↓↓↓
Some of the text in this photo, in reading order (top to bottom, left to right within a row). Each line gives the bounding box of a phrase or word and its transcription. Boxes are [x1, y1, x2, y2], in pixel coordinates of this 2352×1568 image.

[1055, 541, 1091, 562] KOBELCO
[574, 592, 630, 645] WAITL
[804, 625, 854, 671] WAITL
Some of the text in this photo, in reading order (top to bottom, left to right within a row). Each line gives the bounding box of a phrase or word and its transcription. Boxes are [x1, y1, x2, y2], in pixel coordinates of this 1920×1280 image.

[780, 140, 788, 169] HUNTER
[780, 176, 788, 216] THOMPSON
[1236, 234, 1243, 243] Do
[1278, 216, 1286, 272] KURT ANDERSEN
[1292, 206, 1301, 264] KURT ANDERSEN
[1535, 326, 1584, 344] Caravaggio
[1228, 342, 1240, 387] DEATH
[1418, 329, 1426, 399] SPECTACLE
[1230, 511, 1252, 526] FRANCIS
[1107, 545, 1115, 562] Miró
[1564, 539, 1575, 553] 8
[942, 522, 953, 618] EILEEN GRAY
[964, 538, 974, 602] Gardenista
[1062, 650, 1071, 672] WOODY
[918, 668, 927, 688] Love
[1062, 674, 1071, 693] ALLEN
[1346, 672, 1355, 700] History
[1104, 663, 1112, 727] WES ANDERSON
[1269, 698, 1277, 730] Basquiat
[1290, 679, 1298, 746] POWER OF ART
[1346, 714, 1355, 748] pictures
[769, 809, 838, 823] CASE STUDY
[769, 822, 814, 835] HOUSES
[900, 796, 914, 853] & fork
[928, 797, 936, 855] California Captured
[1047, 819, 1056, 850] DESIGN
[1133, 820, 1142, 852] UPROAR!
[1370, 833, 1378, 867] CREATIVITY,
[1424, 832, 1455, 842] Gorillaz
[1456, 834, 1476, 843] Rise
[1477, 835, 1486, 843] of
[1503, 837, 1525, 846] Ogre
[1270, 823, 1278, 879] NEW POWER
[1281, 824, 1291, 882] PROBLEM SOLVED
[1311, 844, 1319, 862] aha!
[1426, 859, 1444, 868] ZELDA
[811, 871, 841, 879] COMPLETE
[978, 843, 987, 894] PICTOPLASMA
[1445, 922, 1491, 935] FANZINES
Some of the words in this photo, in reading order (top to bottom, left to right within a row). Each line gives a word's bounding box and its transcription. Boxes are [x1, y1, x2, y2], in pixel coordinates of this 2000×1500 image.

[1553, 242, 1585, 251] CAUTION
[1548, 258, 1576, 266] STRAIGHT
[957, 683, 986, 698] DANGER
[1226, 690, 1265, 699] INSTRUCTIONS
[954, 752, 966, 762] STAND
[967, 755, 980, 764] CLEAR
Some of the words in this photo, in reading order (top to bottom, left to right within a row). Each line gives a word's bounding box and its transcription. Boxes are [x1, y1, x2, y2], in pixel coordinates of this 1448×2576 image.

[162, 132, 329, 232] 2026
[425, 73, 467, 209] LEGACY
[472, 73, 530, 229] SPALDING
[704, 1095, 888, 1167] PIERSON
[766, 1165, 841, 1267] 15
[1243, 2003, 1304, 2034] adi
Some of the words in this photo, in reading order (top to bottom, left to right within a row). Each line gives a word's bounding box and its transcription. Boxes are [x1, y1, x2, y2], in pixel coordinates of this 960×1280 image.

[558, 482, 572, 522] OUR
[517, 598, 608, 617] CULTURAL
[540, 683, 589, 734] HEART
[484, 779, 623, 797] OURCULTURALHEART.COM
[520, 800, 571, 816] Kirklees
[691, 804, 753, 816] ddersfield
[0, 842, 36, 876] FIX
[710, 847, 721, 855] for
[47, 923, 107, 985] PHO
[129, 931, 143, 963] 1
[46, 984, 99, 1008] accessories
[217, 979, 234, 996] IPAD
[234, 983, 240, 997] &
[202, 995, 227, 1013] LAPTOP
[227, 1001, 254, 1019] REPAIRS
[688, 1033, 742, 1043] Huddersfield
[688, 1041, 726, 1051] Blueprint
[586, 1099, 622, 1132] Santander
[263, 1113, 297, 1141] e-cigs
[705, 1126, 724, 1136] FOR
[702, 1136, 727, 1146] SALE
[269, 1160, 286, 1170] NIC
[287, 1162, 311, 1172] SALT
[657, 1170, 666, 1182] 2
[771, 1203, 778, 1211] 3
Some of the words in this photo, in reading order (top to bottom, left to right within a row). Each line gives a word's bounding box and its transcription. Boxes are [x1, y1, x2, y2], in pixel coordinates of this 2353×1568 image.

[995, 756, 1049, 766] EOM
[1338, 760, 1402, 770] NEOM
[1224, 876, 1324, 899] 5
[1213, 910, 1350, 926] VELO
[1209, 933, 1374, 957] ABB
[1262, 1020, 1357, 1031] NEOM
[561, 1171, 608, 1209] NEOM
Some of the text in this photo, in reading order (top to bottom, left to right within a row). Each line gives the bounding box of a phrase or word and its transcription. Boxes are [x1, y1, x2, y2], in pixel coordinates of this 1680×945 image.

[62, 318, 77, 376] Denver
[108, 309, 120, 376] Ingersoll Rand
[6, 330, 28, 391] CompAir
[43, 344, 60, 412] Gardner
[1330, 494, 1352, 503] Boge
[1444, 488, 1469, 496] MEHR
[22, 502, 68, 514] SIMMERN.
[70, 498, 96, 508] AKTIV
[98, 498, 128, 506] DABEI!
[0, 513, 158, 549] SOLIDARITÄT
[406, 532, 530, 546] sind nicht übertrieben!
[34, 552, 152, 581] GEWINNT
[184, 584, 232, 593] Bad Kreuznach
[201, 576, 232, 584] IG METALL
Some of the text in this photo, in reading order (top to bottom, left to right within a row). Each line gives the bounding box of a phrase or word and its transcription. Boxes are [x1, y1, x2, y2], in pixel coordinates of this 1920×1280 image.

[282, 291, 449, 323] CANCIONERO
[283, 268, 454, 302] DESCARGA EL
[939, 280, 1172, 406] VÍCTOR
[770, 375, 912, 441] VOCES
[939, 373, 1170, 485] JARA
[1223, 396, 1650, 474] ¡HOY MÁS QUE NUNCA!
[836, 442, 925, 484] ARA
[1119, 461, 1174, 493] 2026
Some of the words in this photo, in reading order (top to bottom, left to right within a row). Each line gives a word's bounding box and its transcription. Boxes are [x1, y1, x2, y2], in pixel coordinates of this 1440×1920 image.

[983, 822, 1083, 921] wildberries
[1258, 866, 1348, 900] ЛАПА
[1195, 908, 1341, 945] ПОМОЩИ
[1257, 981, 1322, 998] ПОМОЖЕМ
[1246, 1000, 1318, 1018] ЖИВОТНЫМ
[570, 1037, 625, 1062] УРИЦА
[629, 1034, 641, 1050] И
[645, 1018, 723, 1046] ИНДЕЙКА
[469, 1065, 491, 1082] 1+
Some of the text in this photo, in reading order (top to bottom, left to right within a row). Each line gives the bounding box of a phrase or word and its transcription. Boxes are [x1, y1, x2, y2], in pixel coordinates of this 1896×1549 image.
↑↑↑
Retype the records above in full. Every word should match.

### Task answer
Some of the text in this photo, in reading order (top to bottom, left to right within a row). Each line gives the bounding box of a phrase or word and its transcription. Boxes are [x1, y1, x2, y2], in pixel coordinates of this 2352×1568 image.

[1055, 541, 1091, 562] KOBELCO
[574, 592, 630, 645] WAITL
[804, 625, 854, 671] WAITL
Some of the text in this photo, in reading order (top to bottom, left to right within a row). Each line gives the bounding box of a phrase or word and its transcription. Boxes are [x1, y1, x2, y2], in pixel coordinates of this 1920×1280 image.

[780, 140, 788, 169] HUNTER
[780, 176, 788, 216] THOMPSON
[1236, 234, 1243, 243] Do
[1278, 216, 1286, 272] KURT ANDERSEN
[1292, 206, 1301, 264] KURT ANDERSEN
[1535, 326, 1584, 344] Caravaggio
[1228, 342, 1240, 387] DEATH
[1418, 329, 1426, 399] SPECTACLE
[1230, 511, 1252, 526] FRANCIS
[1107, 545, 1115, 562] Miró
[1564, 539, 1575, 553] 8
[942, 522, 953, 618] EILEEN GRAY
[964, 538, 974, 602] Gardenista
[1062, 650, 1071, 672] WOODY
[918, 668, 927, 688] Love
[1062, 674, 1071, 693] ALLEN
[1346, 672, 1355, 700] History
[1104, 663, 1112, 727] WES ANDERSON
[1269, 698, 1277, 730] Basquiat
[1290, 679, 1298, 746] POWER OF ART
[1346, 714, 1355, 748] pictures
[769, 809, 838, 823] CASE STUDY
[769, 822, 814, 835] HOUSES
[900, 796, 914, 853] & fork
[928, 797, 936, 855] California Captured
[1047, 819, 1056, 850] DESIGN
[1133, 820, 1142, 852] UPROAR!
[1370, 833, 1378, 867] CREATIVITY,
[1424, 832, 1455, 842] Gorillaz
[1456, 834, 1476, 843] Rise
[1477, 835, 1486, 843] of
[1503, 837, 1525, 846] Ogre
[1270, 823, 1278, 879] NEW POWER
[1281, 824, 1291, 882] PROBLEM SOLVED
[1311, 844, 1319, 862] aha!
[1426, 859, 1444, 868] ZELDA
[811, 871, 841, 879] COMPLETE
[978, 843, 987, 894] PICTOPLASMA
[1445, 922, 1491, 935] FANZINES
Some of the words in this photo, in reading order (top to bottom, left to right within a row). Each line gives a word's bounding box and its transcription. Boxes are [x1, y1, x2, y2], in pixel coordinates of this 2000×1500 image.

[1553, 242, 1585, 251] CAUTION
[1548, 258, 1576, 266] STRAIGHT
[957, 683, 986, 698] DANGER
[1226, 690, 1265, 699] INSTRUCTIONS
[954, 752, 966, 762] STAND
[967, 755, 980, 764] CLEAR
Some of the words in this photo, in reading order (top to bottom, left to right within a row). Each line gives a word's bounding box and its transcription. Boxes are [x1, y1, x2, y2], in pixel coordinates of this 1448×2576 image.

[162, 132, 329, 232] 2026
[425, 73, 467, 209] LEGACY
[472, 73, 530, 229] SPALDING
[704, 1095, 888, 1167] PIERSON
[766, 1165, 841, 1267] 15
[1243, 2003, 1304, 2034] adi
Some of the words in this photo, in reading order (top to bottom, left to right within a row). Each line gives a word's bounding box and its transcription. Boxes are [x1, y1, x2, y2], in pixel coordinates of this 960×1280 image.

[558, 482, 572, 522] OUR
[517, 598, 608, 617] CULTURAL
[540, 683, 589, 734] HEART
[484, 779, 623, 797] OURCULTURALHEART.COM
[520, 800, 571, 816] Kirklees
[691, 804, 753, 816] ddersfield
[0, 842, 36, 876] FIX
[710, 847, 721, 855] for
[47, 923, 107, 985] PHO
[129, 931, 143, 963] 1
[46, 984, 99, 1008] accessories
[217, 979, 234, 996] IPAD
[234, 983, 240, 997] &
[202, 995, 227, 1013] LAPTOP
[227, 1001, 254, 1019] REPAIRS
[688, 1033, 742, 1043] Huddersfield
[688, 1041, 726, 1051] Blueprint
[586, 1099, 622, 1132] Santander
[263, 1113, 297, 1141] e-cigs
[705, 1126, 724, 1136] FOR
[702, 1136, 727, 1146] SALE
[269, 1160, 286, 1170] NIC
[287, 1162, 311, 1172] SALT
[657, 1170, 666, 1182] 2
[771, 1203, 778, 1211] 3
Some of the words in this photo, in reading order (top to bottom, left to right within a row). Each line gives a word's bounding box and its transcription. Boxes are [x1, y1, x2, y2], in pixel coordinates of this 2353×1568 image.

[995, 756, 1049, 766] EOM
[1338, 760, 1402, 770] NEOM
[1224, 876, 1324, 899] 5
[1213, 910, 1350, 926] VELO
[1209, 933, 1374, 957] ABB
[1262, 1020, 1357, 1031] NEOM
[561, 1171, 608, 1209] NEOM
Some of the text in this photo, in reading order (top to bottom, left to right within a row). Each line gives the bounding box of a phrase or word and its transcription. Boxes are [x1, y1, x2, y2], in pixel coordinates of this 1680×945 image.

[62, 318, 77, 376] Denver
[108, 309, 120, 376] Ingersoll Rand
[6, 330, 28, 391] CompAir
[43, 344, 60, 412] Gardner
[1330, 494, 1352, 503] Boge
[1444, 488, 1469, 496] MEHR
[22, 502, 68, 514] SIMMERN.
[70, 498, 96, 508] AKTIV
[98, 498, 128, 506] DABEI!
[0, 513, 158, 549] SOLIDARITÄT
[406, 532, 530, 546] sind nicht übertrieben!
[34, 552, 152, 581] GEWINNT
[184, 584, 232, 593] Bad Kreuznach
[201, 576, 232, 584] IG METALL
Some of the text in this photo, in reading order (top to bottom, left to right within a row). Each line gives the bounding box of a phrase or word and its transcription. Boxes are [x1, y1, x2, y2], in pixel coordinates of this 1920×1280 image.

[282, 291, 449, 323] CANCIONERO
[283, 268, 454, 302] DESCARGA EL
[939, 280, 1172, 406] VÍCTOR
[770, 375, 912, 441] VOCES
[939, 373, 1170, 485] JARA
[1223, 396, 1650, 474] ¡HOY MÁS QUE NUNCA!
[836, 442, 925, 484] ARA
[1119, 461, 1174, 493] 2026
Some of the words in this photo, in reading order (top to bottom, left to right within a row). Each line gives a word's bounding box and its transcription. Boxes are [x1, y1, x2, y2], in pixel coordinates of this 1440×1920 image.

[983, 822, 1083, 921] wildberries
[1258, 866, 1348, 900] ЛАПА
[1195, 908, 1341, 945] ПОМОЩИ
[1257, 981, 1322, 998] ПОМОЖЕМ
[1246, 1000, 1318, 1018] ЖИВОТНЫМ
[570, 1037, 625, 1062] УРИЦА
[629, 1034, 641, 1050] И
[645, 1018, 723, 1046] ИНДЕЙКА
[469, 1065, 491, 1082] 1+
Some of the text in this photo, in reading order (top to bottom, left to right within a row). Each line gives the bounding box of a phrase or word and its transcription. Boxes are [x1, y1, x2, y2], in pixel coordinates of this 1896×1549 image.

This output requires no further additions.